→ **PROBLEM DETAILS**:
When you copy the records, keep every word exact and leave the pictures out.

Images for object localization
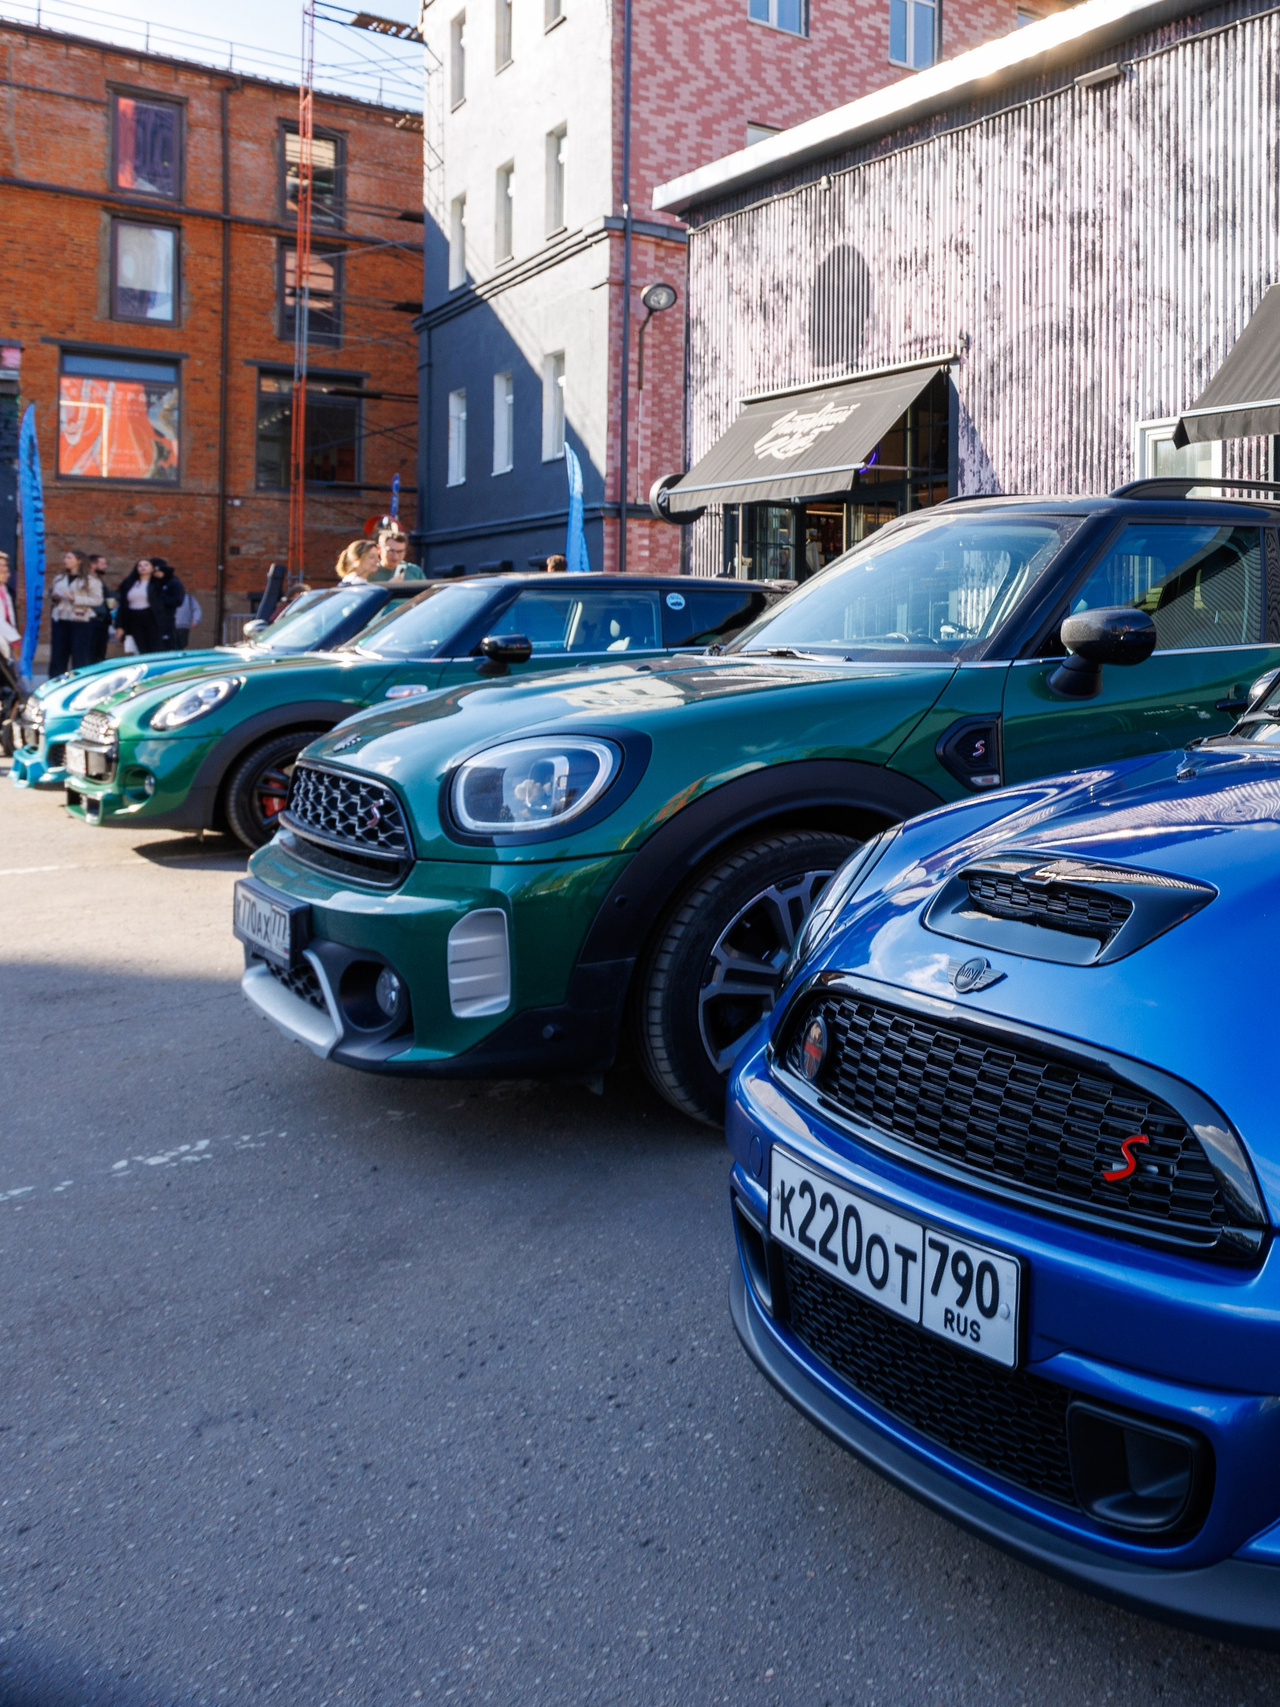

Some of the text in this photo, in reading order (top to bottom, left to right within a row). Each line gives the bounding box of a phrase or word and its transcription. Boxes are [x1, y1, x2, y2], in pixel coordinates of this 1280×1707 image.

[972, 739, 985, 757] S
[960, 965, 981, 981] MINI
[1102, 1133, 1150, 1183] S
[928, 1236, 1000, 1320] 790
[943, 1307, 982, 1344] RUS
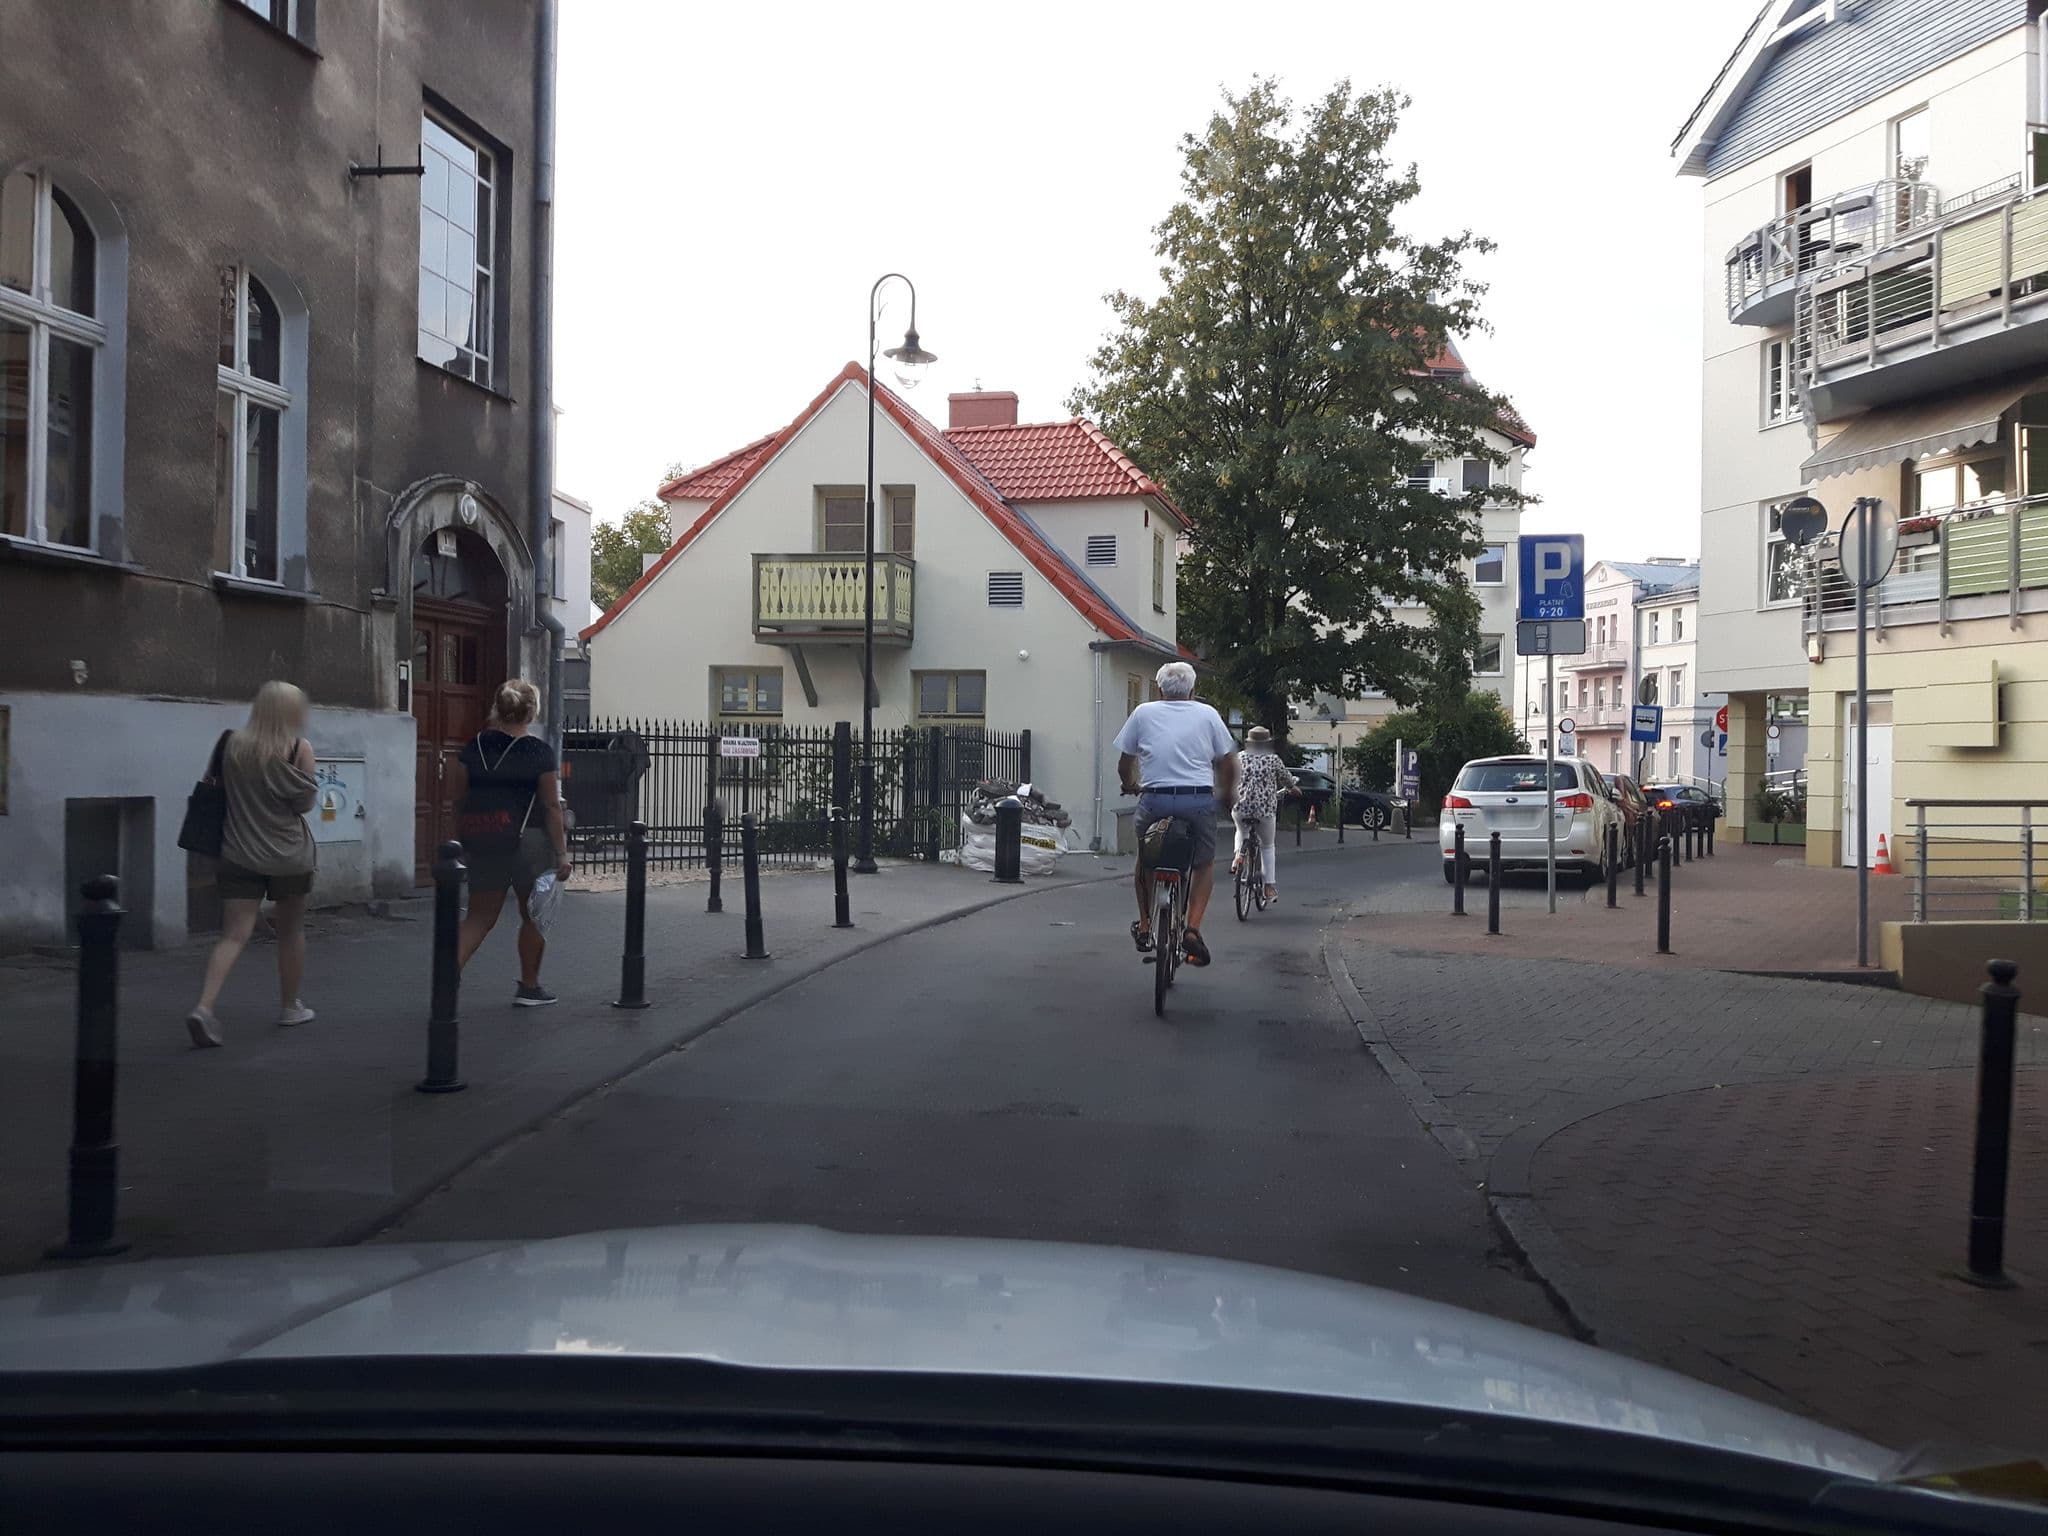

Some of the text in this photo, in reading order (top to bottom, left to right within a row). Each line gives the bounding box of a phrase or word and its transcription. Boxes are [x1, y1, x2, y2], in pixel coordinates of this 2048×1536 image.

[1535, 542, 1571, 594] P
[1539, 607, 1563, 617] 9-20
[1408, 751, 1418, 770] P

→ **SOLVED PROBLEM**:
Some of the text in this photo, in reading order (top to bottom, left to right within a row). Each line gives the bounding box of a phrase or word and its transcription. Boxes are [x1, y1, x2, y2], in pixel coordinates of this 1280×1707 image.

[972, 739, 985, 757] S
[960, 965, 981, 981] MINI
[1102, 1133, 1150, 1183] S
[928, 1236, 1000, 1320] 790
[943, 1307, 982, 1344] RUS

Some of the text in this photo, in reading order (top to bottom, left to right within a row). Each line gives the bounding box of a phrase or word and its transcription. Boxes are [x1, y1, x2, y2], in pixel coordinates of this 2048×1536 image.

[1535, 542, 1571, 594] P
[1539, 607, 1563, 617] 9-20
[1408, 751, 1418, 770] P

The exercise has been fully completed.